Thats also painful though given the nodes in the RKE2 cluster are many...
also another consideration for when you scale the cluster up .... wont that be better in the cloud-init for the worker templates?
Just seen on the nodes you can add networks there - so maybe a case of defining the storage network in rancehr so you can allocate it to the extra nic from there
b
We setup the guest rke2 cluster ourselves with ansible and our workload size is fairly static, all the IPs are set via ansible. Which isn't very dynamic but works for our use case. I don't think there is DHCP in the storage network to hook into but could be wrong.

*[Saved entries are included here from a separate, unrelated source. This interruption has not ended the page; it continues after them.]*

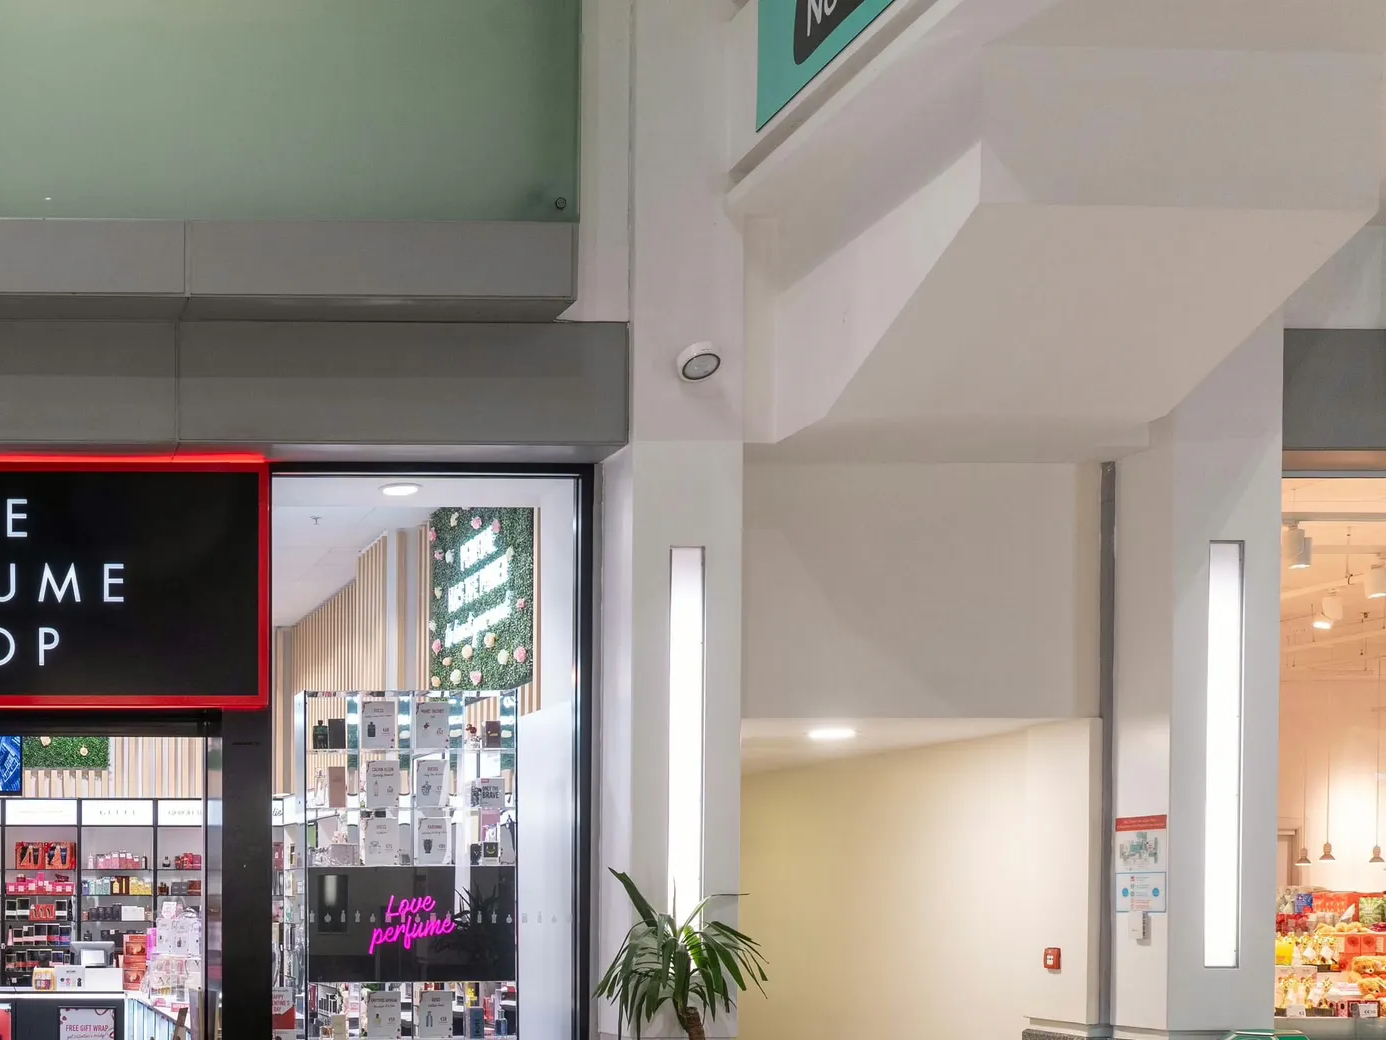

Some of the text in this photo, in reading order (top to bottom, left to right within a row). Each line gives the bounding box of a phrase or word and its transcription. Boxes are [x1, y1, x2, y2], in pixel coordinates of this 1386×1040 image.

[386, 894, 436, 918] Love
[368, 915, 458, 955] perfume
[66, 1024, 109, 1032] FREE GIFT WRAP
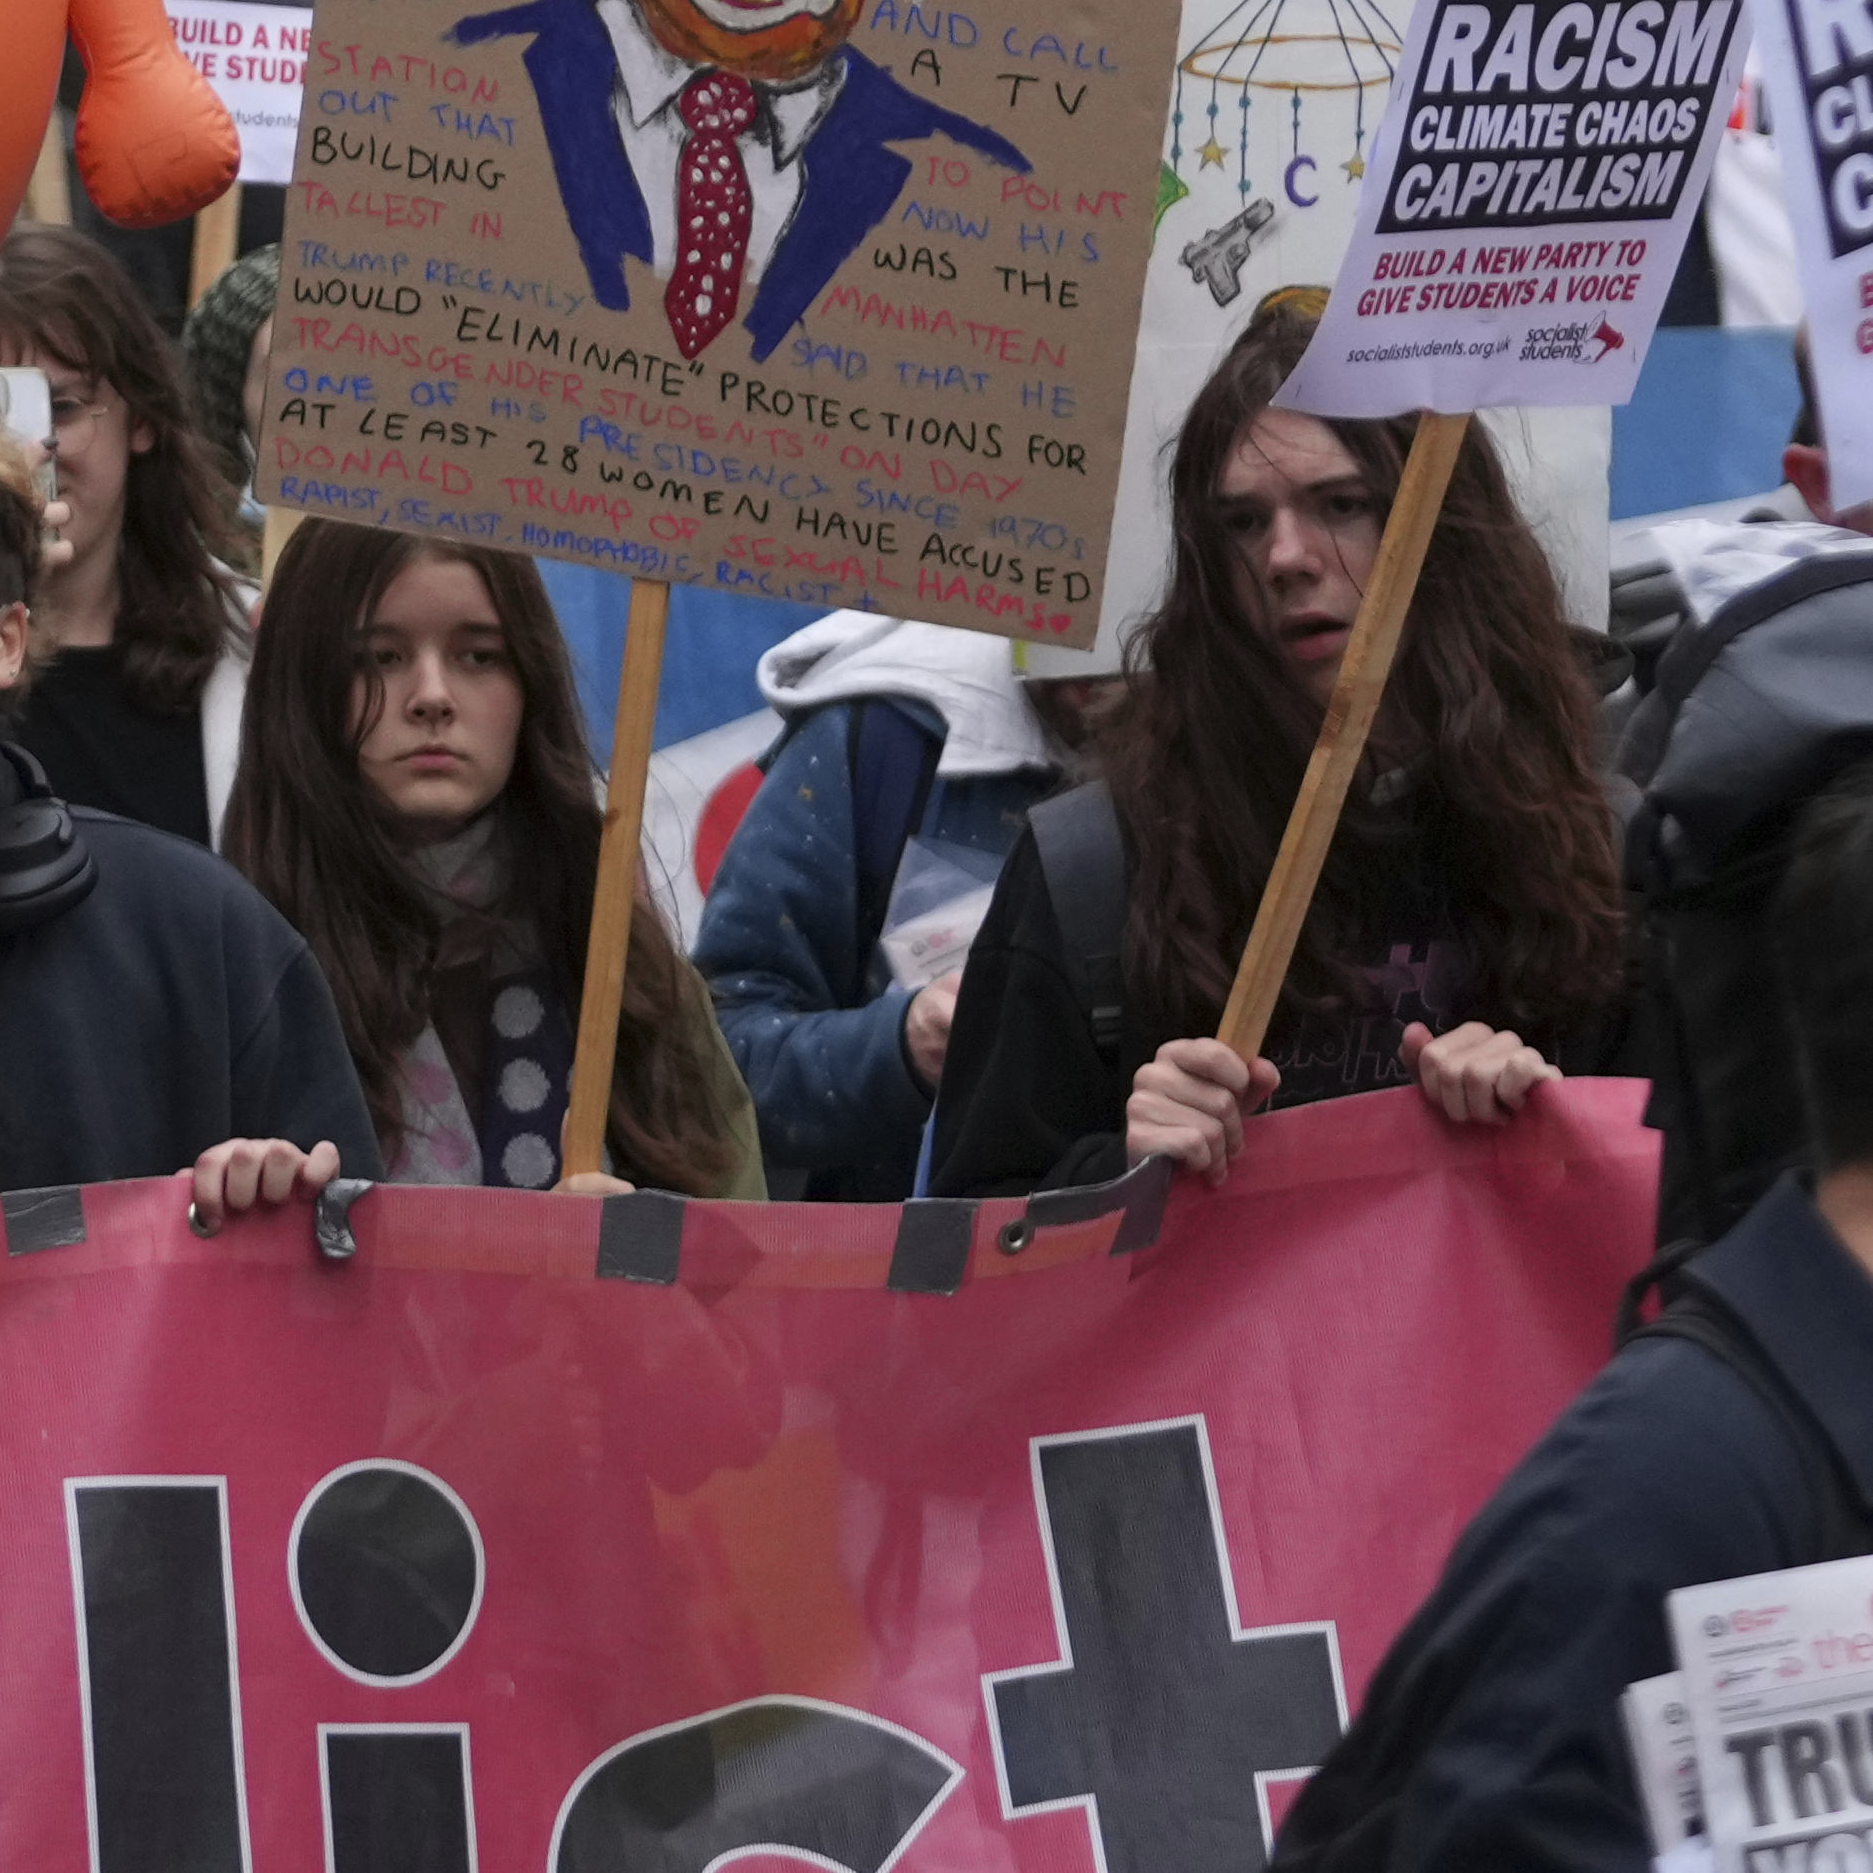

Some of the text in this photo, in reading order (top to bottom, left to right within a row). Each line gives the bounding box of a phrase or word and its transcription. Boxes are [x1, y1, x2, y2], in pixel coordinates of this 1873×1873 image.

[911, 48, 942, 86] A
[1003, 27, 1118, 72] CALL
[1424, 0, 1733, 92] RACISM
[312, 127, 1079, 308] BUILDING WAS THE
[1395, 151, 1684, 220] CAPITALISM
[294, 277, 421, 315] WOULD
[720, 372, 1003, 459] PROTECTIONS
[1027, 435, 1086, 475] FOR
[1346, 336, 1511, 363] socialiststudents.org.uk
[280, 399, 1091, 603] AT LEAST 28 WOMEN HAVE ACCUSED
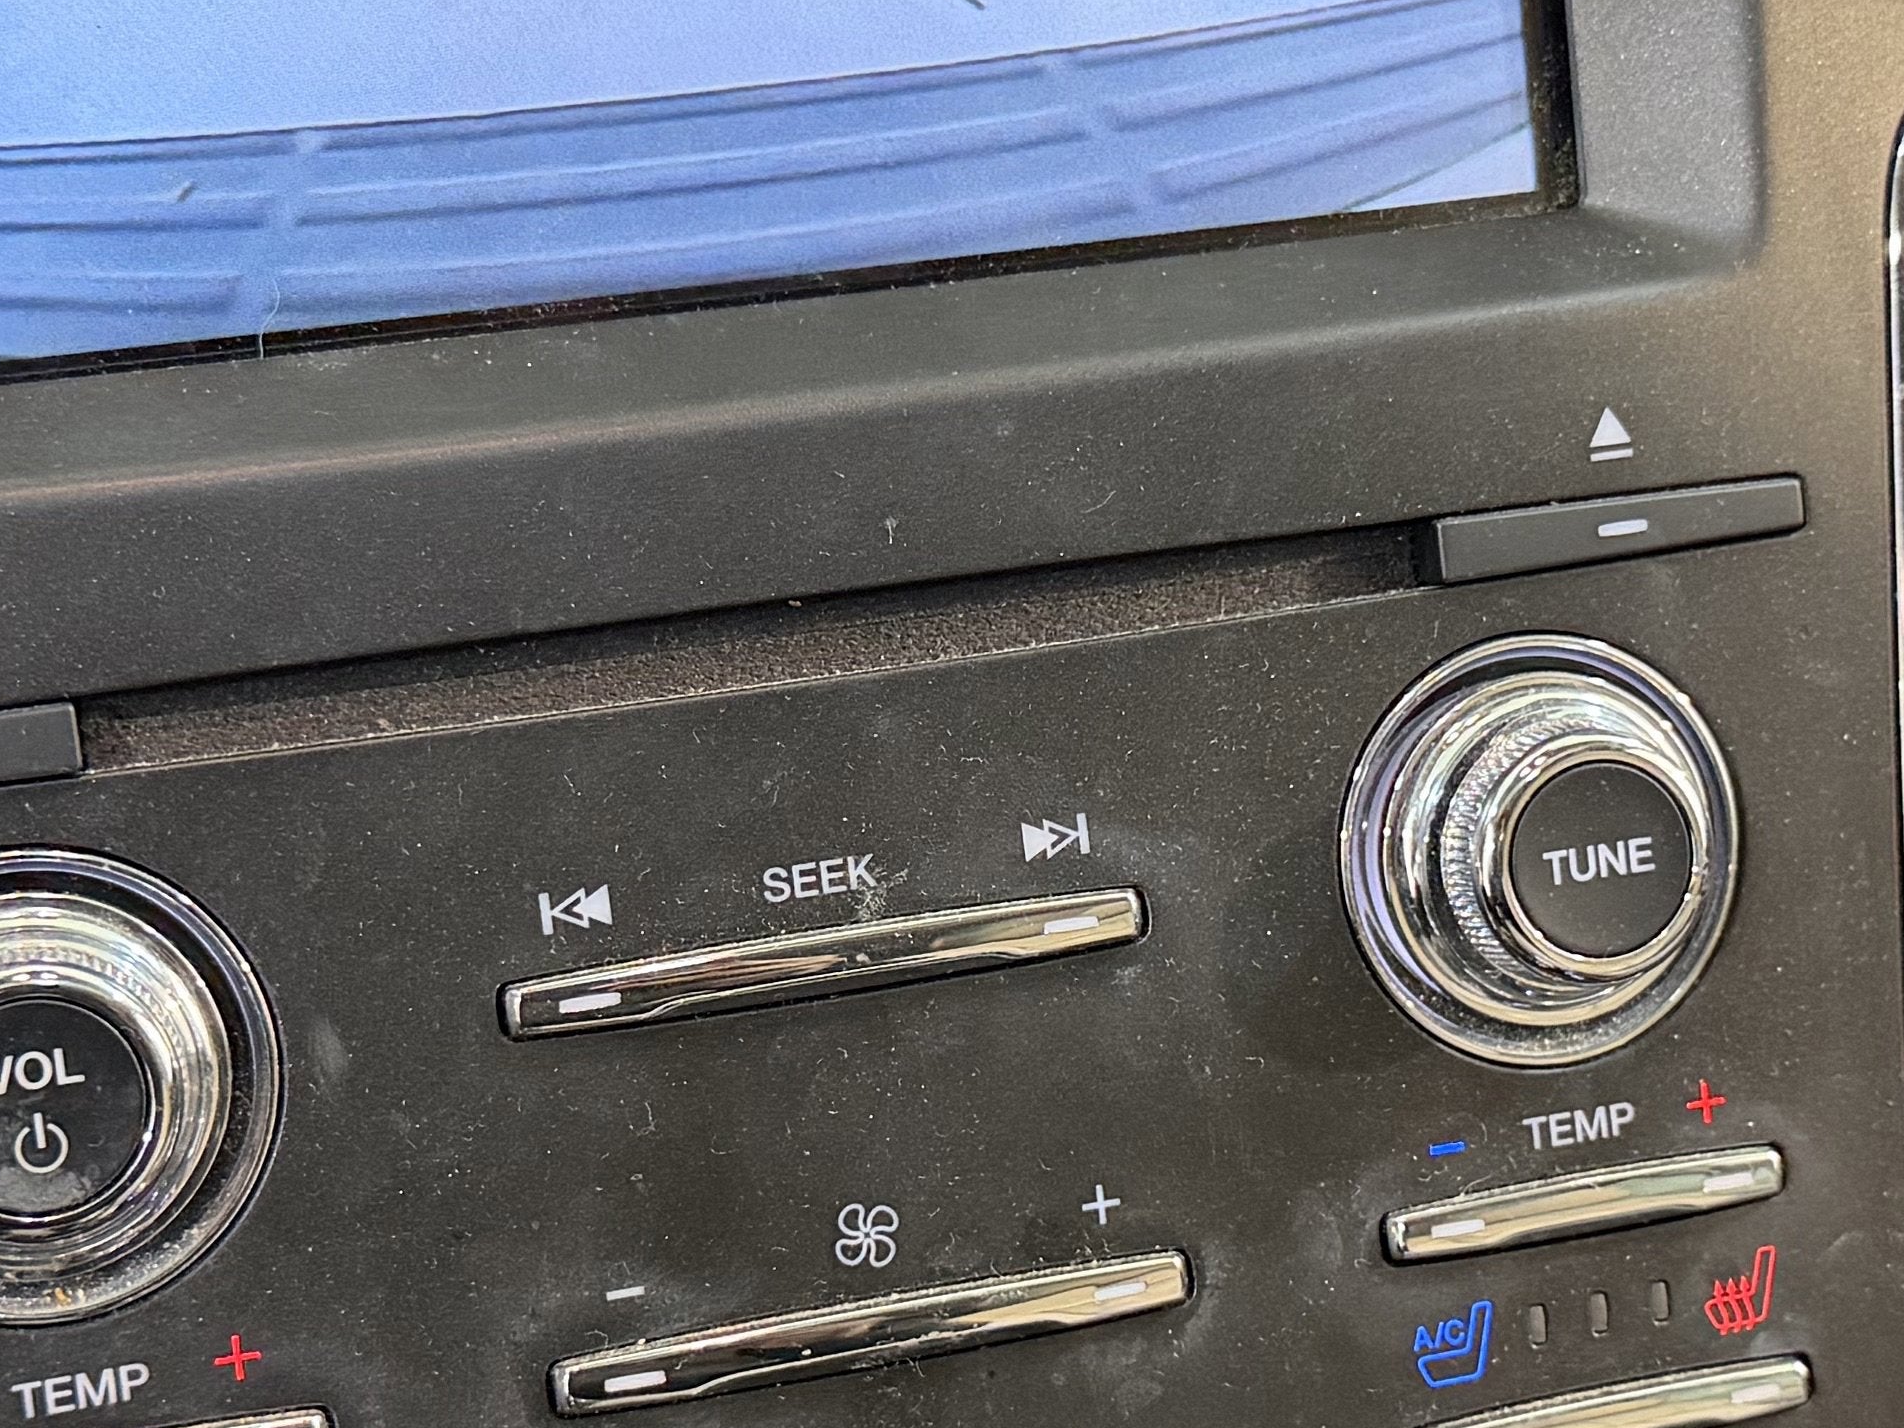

and the VMs with terraform where we add a separate NIC config.
w
ahh - i've been driving this from rancher itself, will give this a play when I get a chance to shut down fully
fixed it for now - manually editing the pvc / pv that neuvector uses make it possible for me to use our dedicated NFS server, its not perfect and only there for development - ultimately not a million miles away from what longhorn would provision, only technically not as private or as tidy! It'll do for now while we find our way with this product. I'll take note of your points @brainy-kilobyte-33711 thats super helpful and will let you know how we get on, soonest I can likely try this will be the weekend - but I've quite a lot on and could do without shutting everything down just yet...
b
good luck!
w
Now i need to write all this up... thanks again neuvector is now running - all be it on poor mans nfs for now, I'll let you know how i get on with the RWX "proper" option later... though from the sounds of it I might be better off sticking with what we have!
b
Yeah, it might be more reliable with your one until that issue I linked is fixed
w
Might lay the ground work in the meantime - got to do 1.4.1->1.5.0 yet
Just got the rancher/k8s side up-to-date and ready so next steps should be good
🤞 1